The Road Ahead for Middle Class Families
Being middle class is the very heart of the American Dream. In practical terms, it’s having a job (or two)
Being middle class is the very heart of the American Dream. In practical terms, it’s having a job (or two) that pays enough so you can own a home and a car (or two), save for college and retirement, take a vacation once a year, and enjoy a few luxuries without worrying too much. Statistically, for a two-parent, two-child family, it’s having a household income in the range of about $50,000 to $122,000 a year. But perhaps most important of all, it means believing, against all odds and in the face of seemingly insurmountable obstacles, that our children can have an even better life than our own.
In 2011, our faith in a brighter future, and in the power of hard work to get us there, is being tested daily. Trapped in the worst economy since the Great Depression, plagued by unemployment and a busted housing market, millions of us have turned from the great, enduring goal of getting ahead to the wearying task of merely surviving. We are saving less and borrowing more because our incomes have stagnated while our expenses have soared. Housing, health care, and transportation are all much more expensive than a generation ago. Child care is an additional burden for two-income couples, and the cost of college, public and private, has skyrocketed. All the while, talking heads discuss our plight as if we were an endangered species — and sometimes it can feel that way.
Ultimately, this crisis is about jobs — good-paying jobs that enable not just our optimism but also the growth of our economy.

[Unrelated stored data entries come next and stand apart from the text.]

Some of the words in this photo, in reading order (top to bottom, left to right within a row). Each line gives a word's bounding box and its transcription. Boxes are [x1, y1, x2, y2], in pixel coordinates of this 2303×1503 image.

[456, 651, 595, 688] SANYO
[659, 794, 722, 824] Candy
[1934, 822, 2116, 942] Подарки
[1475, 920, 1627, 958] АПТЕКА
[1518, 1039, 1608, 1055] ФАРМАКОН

The looming threat is what MIT economist David Autor describes as a “hollowing out” of the job market: a growing demand for highly paid trained professionals and low-skilled, low-wage workers but declining opportunities for those in the middle, the white- or blue-collar workers in clerical, administrative, sales, and manufacturing jobs. No wonder we’re living with such high anxiety.
The issues that took years to create aren’t likely to be solved overnight. But we aren’t powerless to rebuild. Reader’s Digest read the studies, talked to the experts, analyzed the data, and selected ten solutions to some of our basic problems. Some of the proposals are complex and long-term, others could help right now, a few are controversial. All offer hope, and all deserve to be part of any serious conversation about the future we all share.

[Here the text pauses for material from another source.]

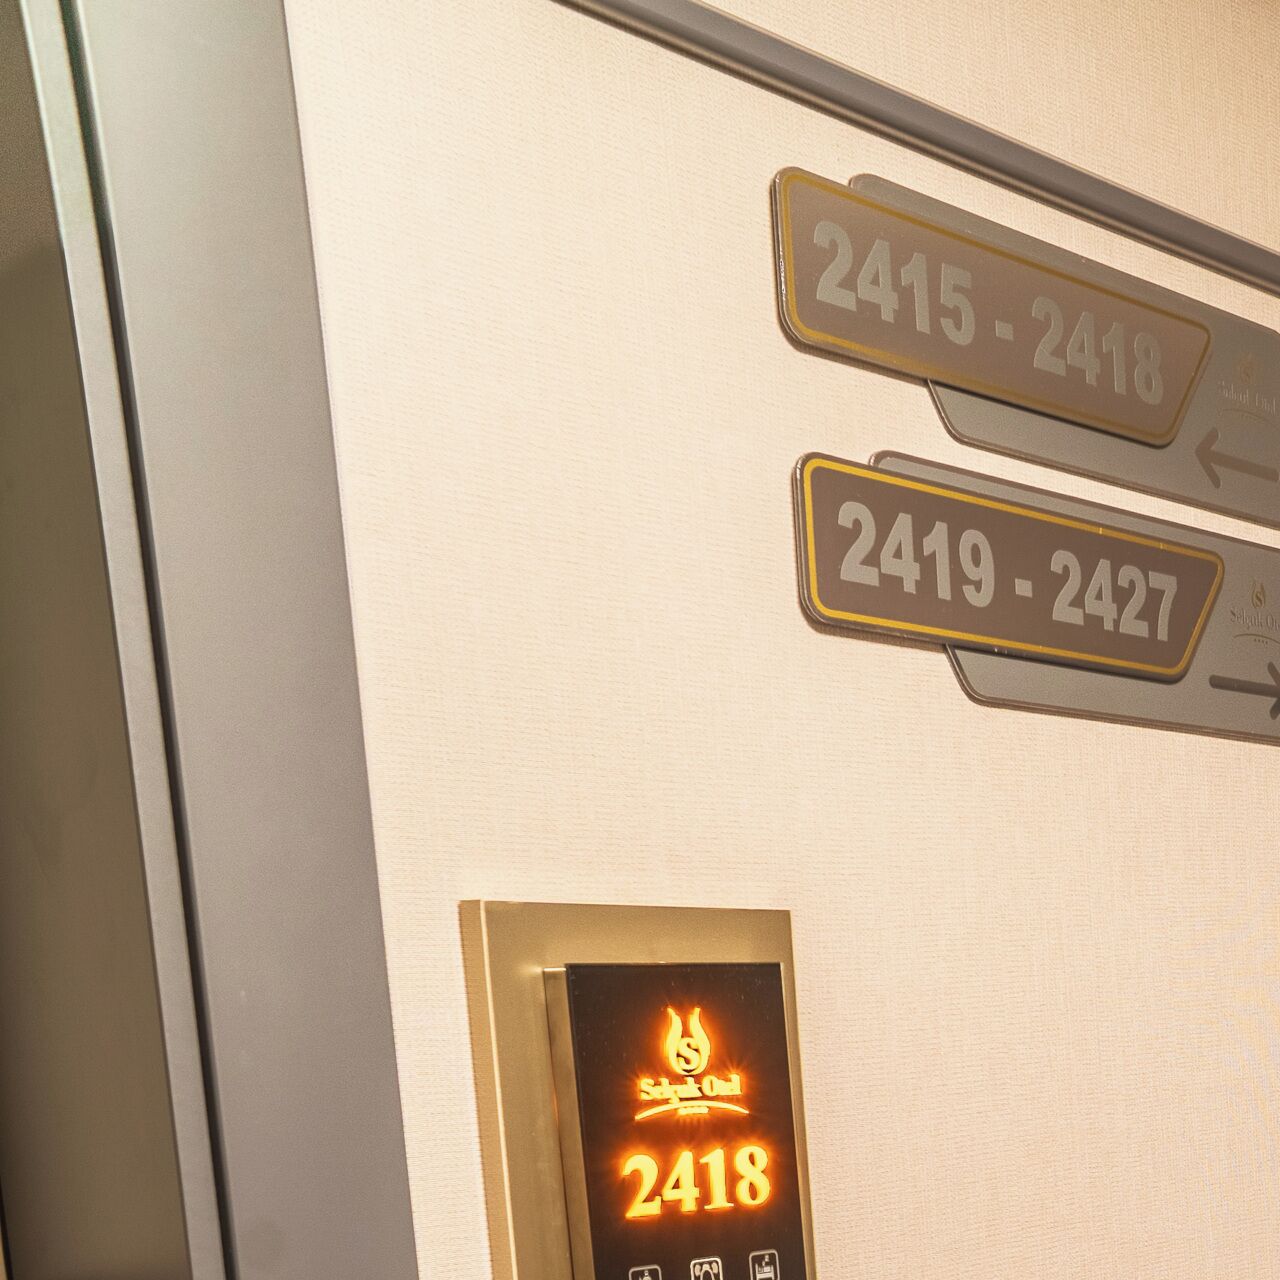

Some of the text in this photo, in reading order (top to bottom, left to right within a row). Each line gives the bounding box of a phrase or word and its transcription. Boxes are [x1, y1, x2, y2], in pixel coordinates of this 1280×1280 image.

Teach our kids more science and tech
Job growth in science, technology, engineering, and mathematics industries over the past decade has been three times faster than growth in other fields, and people in these professions earn 26 percent more than others. In a 2010 report, the National Science Board made these recommendations: Increase ties between schools and research centers so, among other benefits, students can see scientists at work; train teachers to get younger students interested in science and technology at an early age; and do a better job of identifying students with science and math skills, especially those from lower-income backgrounds. The President’s Council of Advisors on Science and Technology urges recruiting and training 100,000 math and science teachers over the next decade and creating a national network of 1,000 schools that emphasize science and math. If we don’t do it, Secretary of Education Arne Duncan has said, “the next generation will not be ready to be world-class inventors, doctors, engineers.”
Young people starting their careers; the United States, as we strive to compete in a high-tech-driven global economy.

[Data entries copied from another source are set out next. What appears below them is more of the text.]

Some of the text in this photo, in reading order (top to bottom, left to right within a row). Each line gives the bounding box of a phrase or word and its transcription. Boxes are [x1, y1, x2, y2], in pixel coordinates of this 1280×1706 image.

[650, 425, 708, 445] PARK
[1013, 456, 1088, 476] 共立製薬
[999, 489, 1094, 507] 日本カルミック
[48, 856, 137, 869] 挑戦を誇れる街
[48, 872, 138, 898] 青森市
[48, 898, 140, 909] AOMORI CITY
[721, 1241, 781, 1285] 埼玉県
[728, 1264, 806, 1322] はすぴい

Older unemployed workers without technical training.
The payoff is years away. And we’ll need many more teachers with specialized skills.
Remove roadblocks so companies will invest
Uncertainty about future government regulations can make companies hesitant to expand and add jobs. Meeting existing regulations can also slow growth. One solution, according to a recent report by the McKinsey Global Institute, is the creation of “Plug and Play” enterprise zones that would be preapproved for most zoning and environmental permits. McKinsey estimates that this could “cut in half the time needed to bring a new plant online.” Another job-promoting time-saver from the same report: streamline the U.S. Patent Office. In an editorial, the Washington Post says the patent system “struggles under an enormous backlog, takes far too long to approve legitimate patents, and paradoxically at times blesses weak ones that undermine serious innovation.”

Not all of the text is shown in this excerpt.